Removing HTML tags prevents XSS attacks (Cross-site scripting attacks) and ensures consistent formatting. If you are performing a word count, your text must be cleaned from all the scripting tags; otherwise, the word count will be inaccurate.
But how do you distinguish HTML tags in normal text? Well, HTML is a markup language, and you can identify each tag with an opening bracket (“<“) and a closing bracket (“>”). Everything in between these brackets is a tag.
Here is the pictorial representation:
Here are three ways to strip HTML tags from a string in JavaScript:
- Using string.replace() (Regular Expression)
- Using the DOM Parser
- Using .textContent or .innerHTML
Method 1: Using string.replace() (Regular Expression)
The string.replace() method uses patterns in the form of regular expressions to identify tags and remove them from a text. This is not a browser-specific method and you can use it on “Node.js” platform as well.
function stripHtmlTags(str) { // Identifying and removing HTML Tags return str.replace(/<[^>]*>/g, ''); } // Example usage: const input_text = "<p>Hey! <strong>Welcome to AppDividend</strong>!</p>"; console.log("Before stripping: ", input_text) console.log("After stripping: ", stripHtmlTags(input_text));
Output
Before stripping: <p>Hey! <strong>Welcome to AppDividend</strong>!</p> After stripping: Hey! Welcome to AppDividend!
This approach is basic and works well with most basic HTML structures. However, if you are dealing with nested html tags or malformed HTML tags, it may not handle all these edge cases very well. Furthermore, it can be slower for larger strings.
Method 2: Using DOMParser
The DOMParser() constructor available in the browser will create a new DOMParser object that has parseFromString() method to parse a string using either the HTML parser or the XML parser.
The .textContent property contains all the text inside the HTML <body> tag, strips the tags, and returns the clean textual output.
The DOMParser() constructor is only available in the browser and not available in the “Node.js” environment. So, you have to execute your program in the browser.
Here is the implementation code in the form of an HTML file:
<!DOCTYPE html> <html lang="en"> <head> <meta charset="UTF-8" /> <meta name="viewport" content="width=device-width, initial-scale=1.0" /> <title>Removing HTML Tags</title> </head> <body> <script> function stripHtmlTagsDOM(html) { // Identifying and extracting text from html const doc = new DOMParser().parseFromString(html, "text/html"); return doc.body.textContent || ""; } // Example usage: const input_text = "<div><p>Nested <span>tags</span> text</p></div>"; console.log("Before stripping: ", input_text); console.log("After stripping: ", stripHtmlTagsDOM(input_text)); </script> </body> </html>
Output
I would highly recommend the DOMParser approach because it handles complex HTML structures and correctly interprets HTML entities. However, it might be slight complex and can overkill for simple markup removal.

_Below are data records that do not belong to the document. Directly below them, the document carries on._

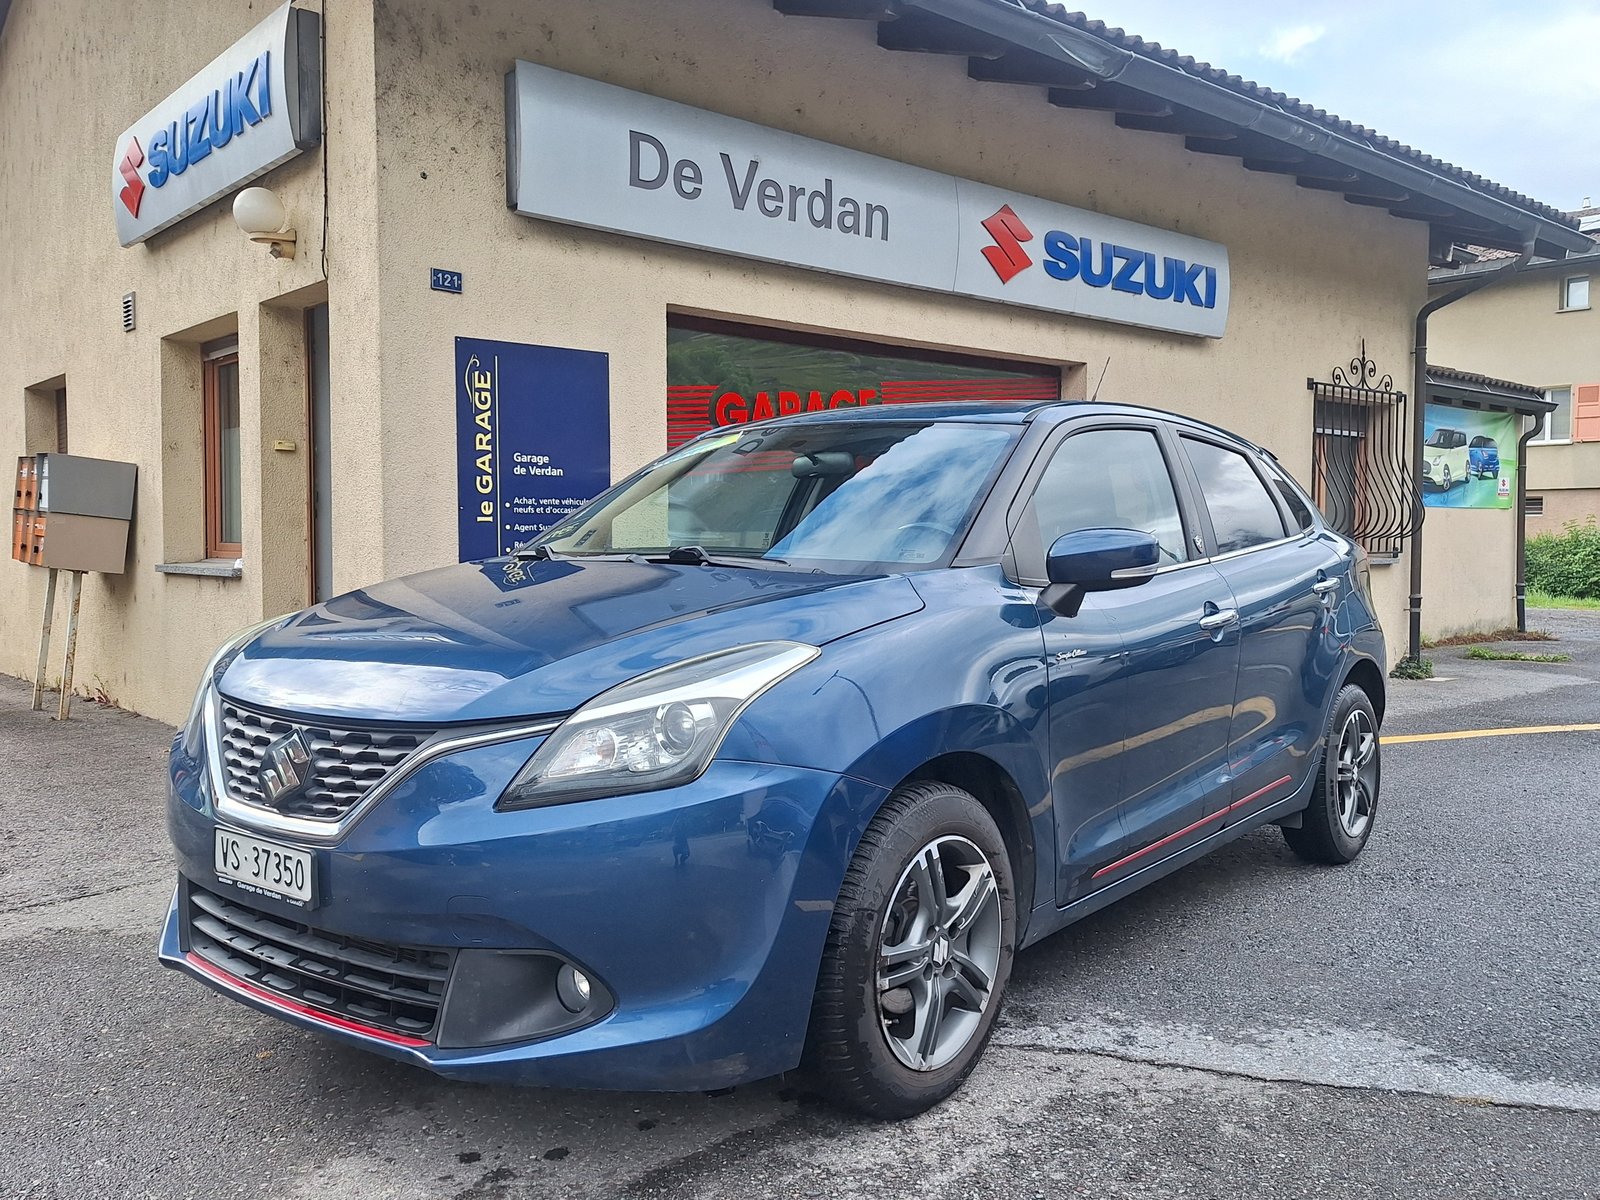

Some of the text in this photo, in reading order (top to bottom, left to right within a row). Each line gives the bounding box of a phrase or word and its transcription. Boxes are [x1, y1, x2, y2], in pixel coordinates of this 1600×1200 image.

[147, 50, 272, 188] SUZUKI
[628, 130, 889, 242] De Verdan
[1043, 230, 1217, 309] SUZUKI
[436, 272, 459, 288] 121
[474, 370, 494, 523] le GARAGE
[513, 452, 550, 465] Garage
[513, 465, 564, 476] de Verdan
[513, 497, 538, 505] Achat,
[513, 506, 535, 514] neufs
[536, 506, 544, 514] et
[513, 524, 537, 532] Agent
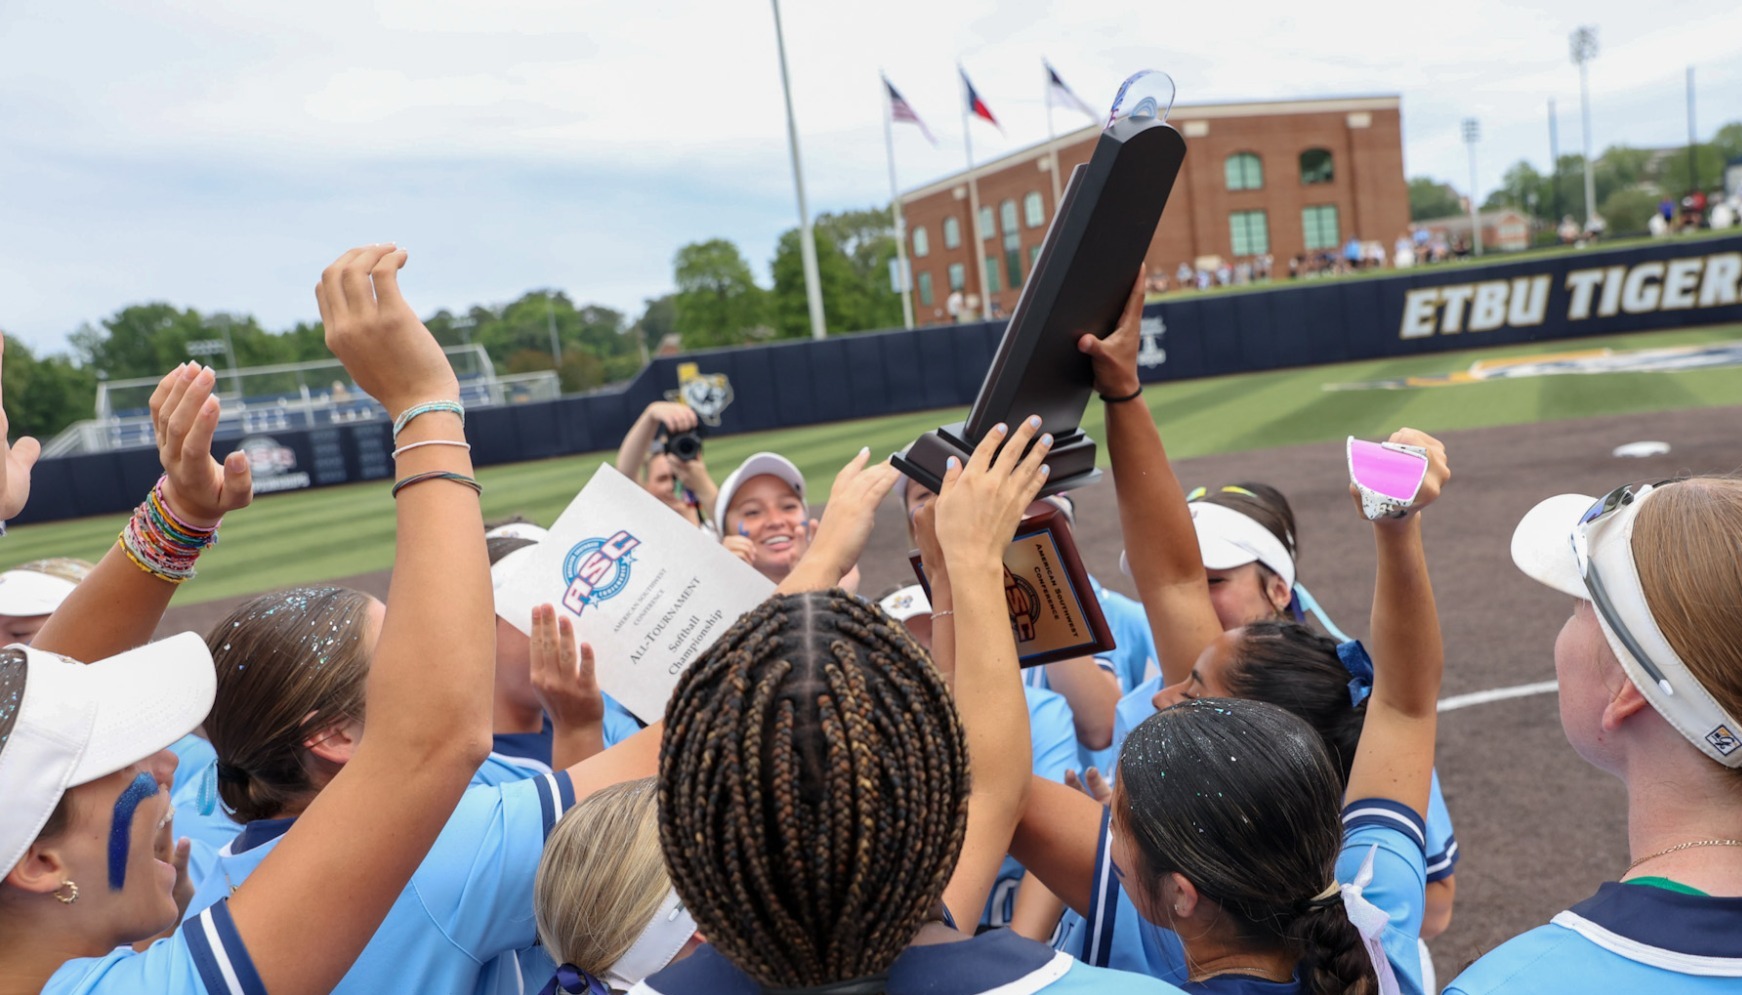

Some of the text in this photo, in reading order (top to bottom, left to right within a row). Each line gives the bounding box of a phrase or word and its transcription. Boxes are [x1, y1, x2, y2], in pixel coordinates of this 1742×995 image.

[1400, 252, 1742, 338] ETBU TIGER
[562, 530, 641, 617] ASC
[613, 567, 667, 633] AMERICAN SOUTHWEST
[1034, 566, 1060, 621] CONFERENCE
[1035, 543, 1079, 638] AMERICAN SOUTHWEST
[633, 588, 665, 627] CONFERENCE
[668, 614, 700, 653] Softball
[667, 608, 723, 677] Championship
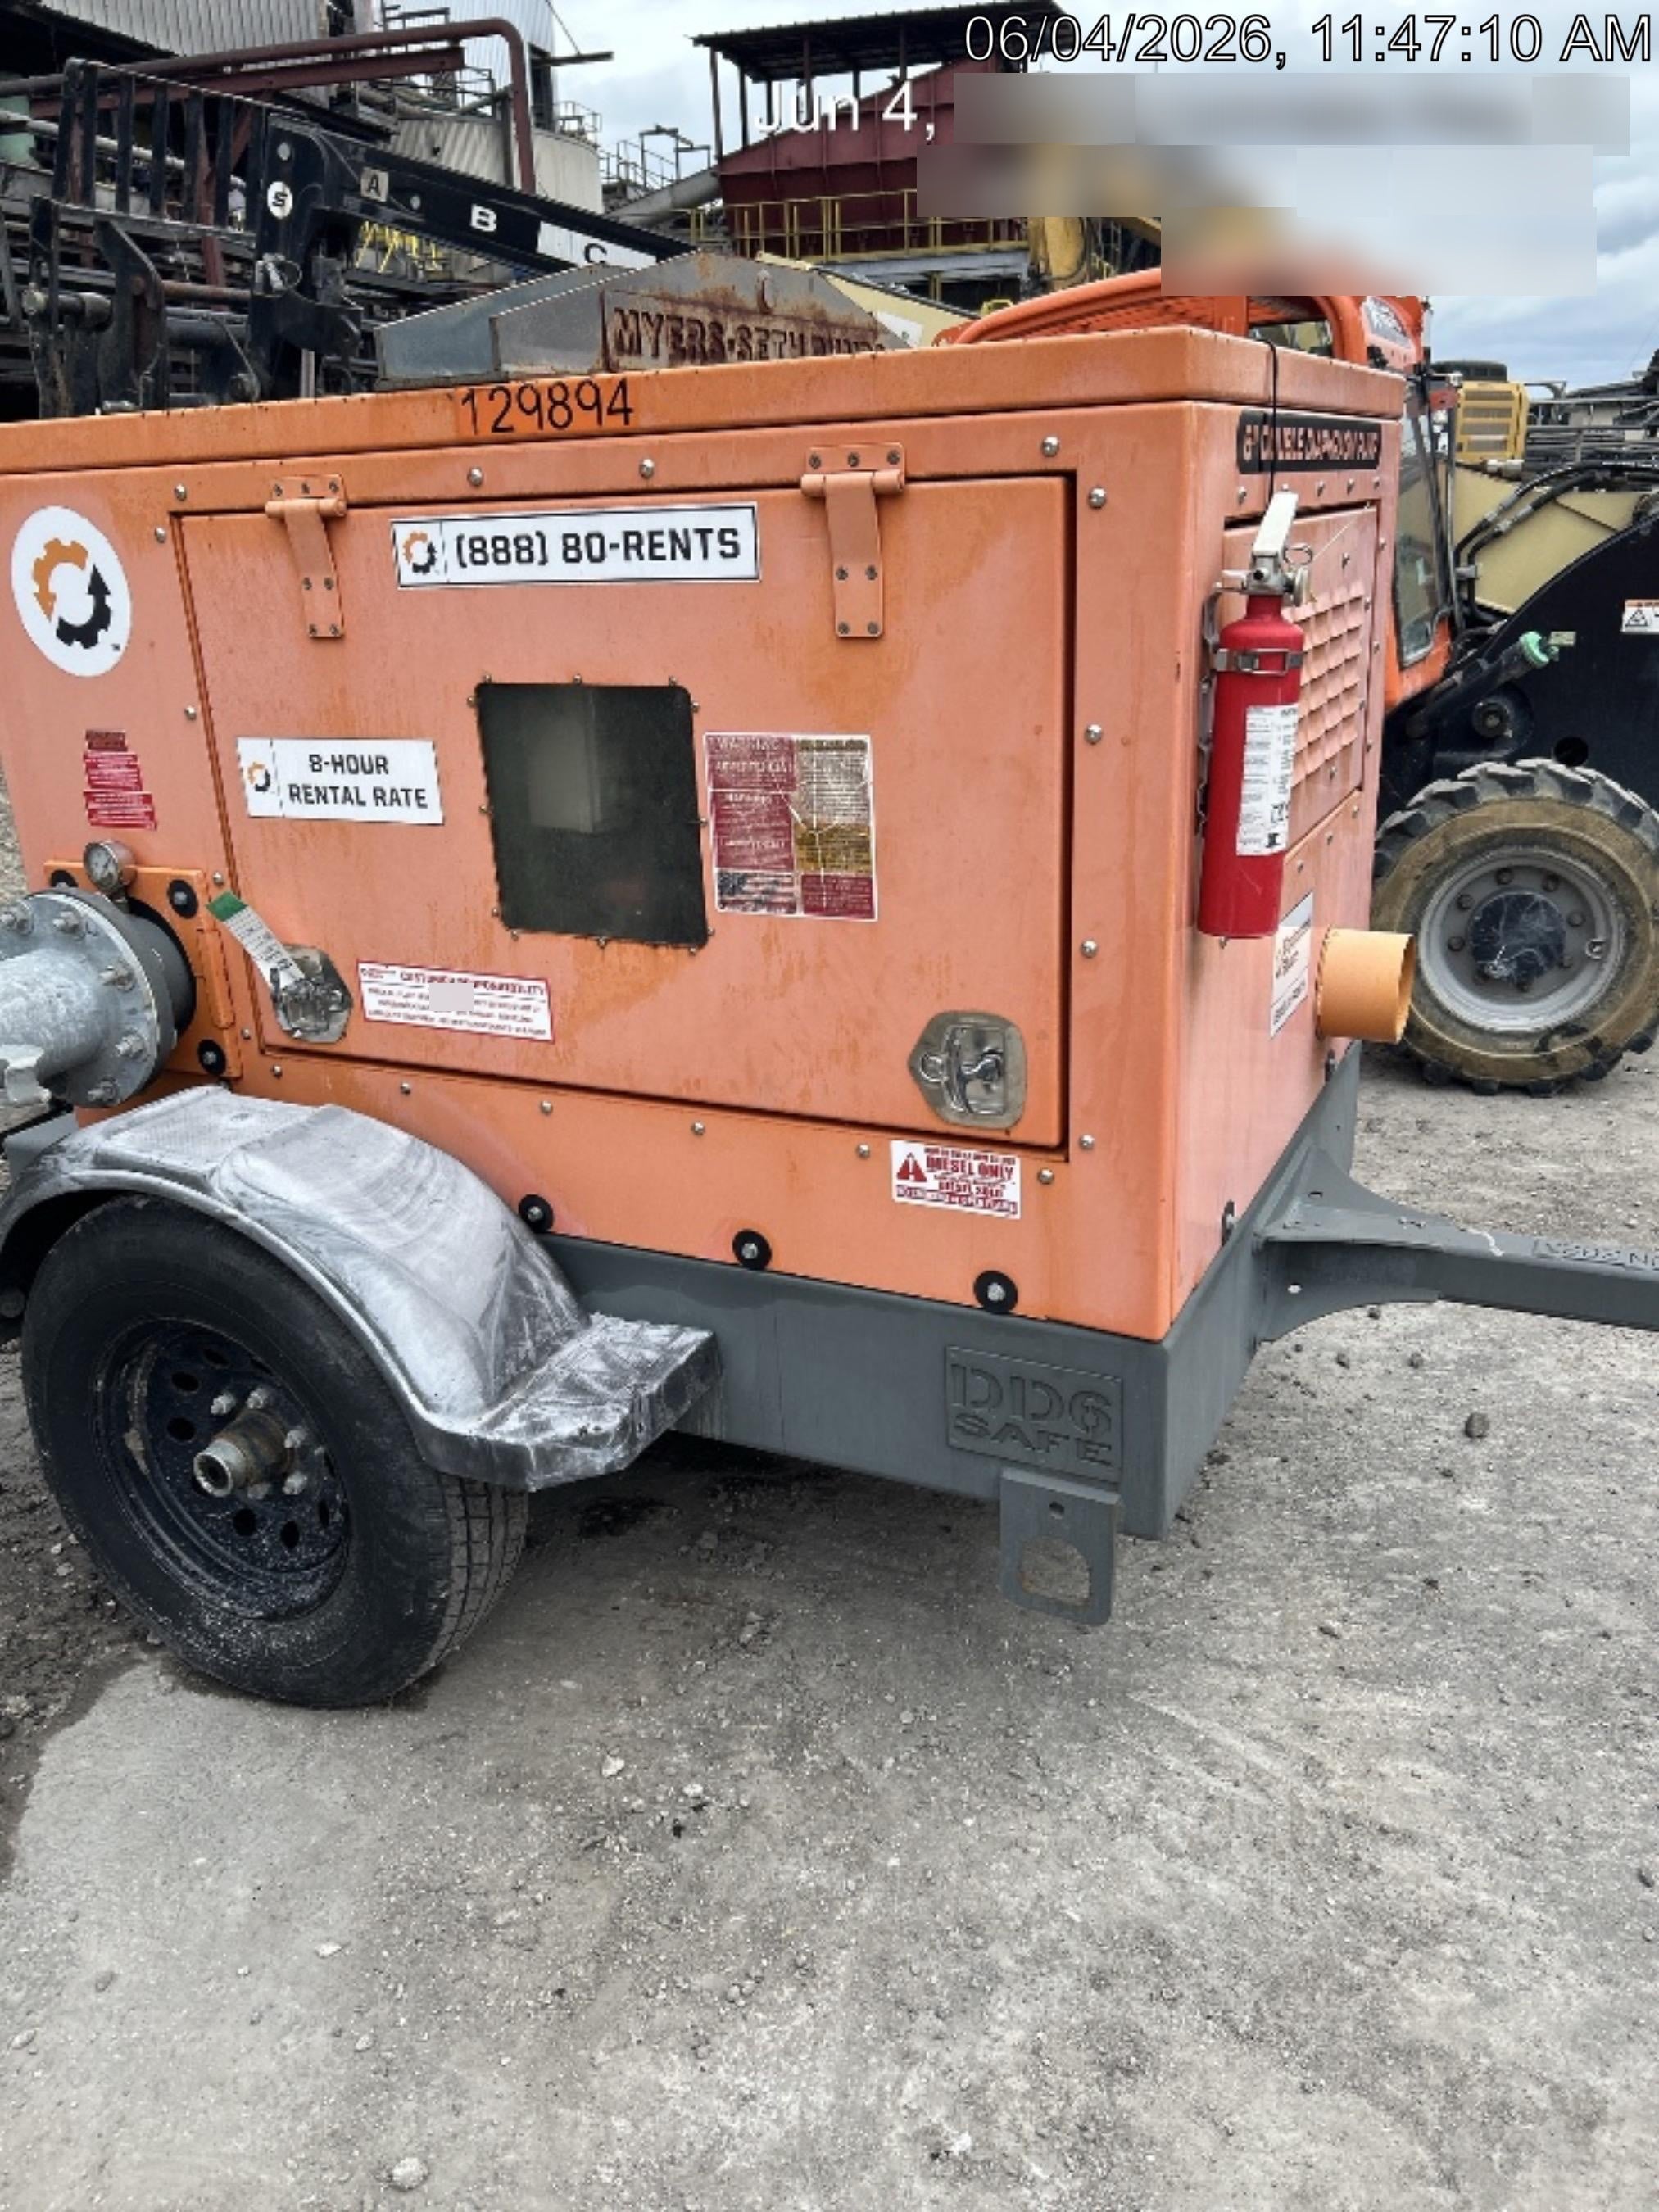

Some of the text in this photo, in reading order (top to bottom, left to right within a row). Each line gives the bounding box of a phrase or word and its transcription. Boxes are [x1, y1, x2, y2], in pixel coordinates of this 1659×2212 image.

[366, 174, 381, 197] A
[471, 204, 496, 233] B
[461, 378, 634, 435] 129894
[456, 530, 548, 569] (888)
[309, 753, 389, 776] 8-HOUR
[288, 782, 428, 809] RENTAL RATE
[926, 1154, 975, 1176] DIESEL
[977, 1163, 1014, 1181] ONLY
[954, 1412, 1114, 1467] SAFE

If you are working with user-generated content where comments or related text are filled with malformed html then you can use this method.
Method 3: Using .textContent or .innerHTML
The .textContent fetches the text content between the HTML tags, effectively removes the tags. But we also use the .innerHTML property as a fallback because of the older versions of browsers. If both of the props are not available to the browsers then empty string will be returned as a final resort.
Again, this approach is a browser-based and would not work directly in Node.js envionment without additional libraries.
<!DOCTYPE html> <html lang="en"> <head> <meta charset="UTF-8" /> <meta name="viewport" content="width=device-width, initial-scale=1.0" /> <title>Stripping HTML Tags</title> </head> <body> <script> function stripHtmlTagsTextContent(html) { const temp = document.createElement("div"); temp.innerHTML = html; return temp.textContent || temp.innerText || ""; } // Example usage: const input_text = "<p>This is a <em>complex</em> example with "html entities".</p>"; console.log("Before stripping: ", input_text); console.log("After stripping: ", stripHtmlTagsTextContent(input_text)); </script> </body> </html>
Output
Conclusion
If you are dealing with a simple string with simple html markup, use the “string.replace()” method.
If you are working with complex and lengthy string with complex and nested html markup, use the “DOMParser.parseFromString()” method.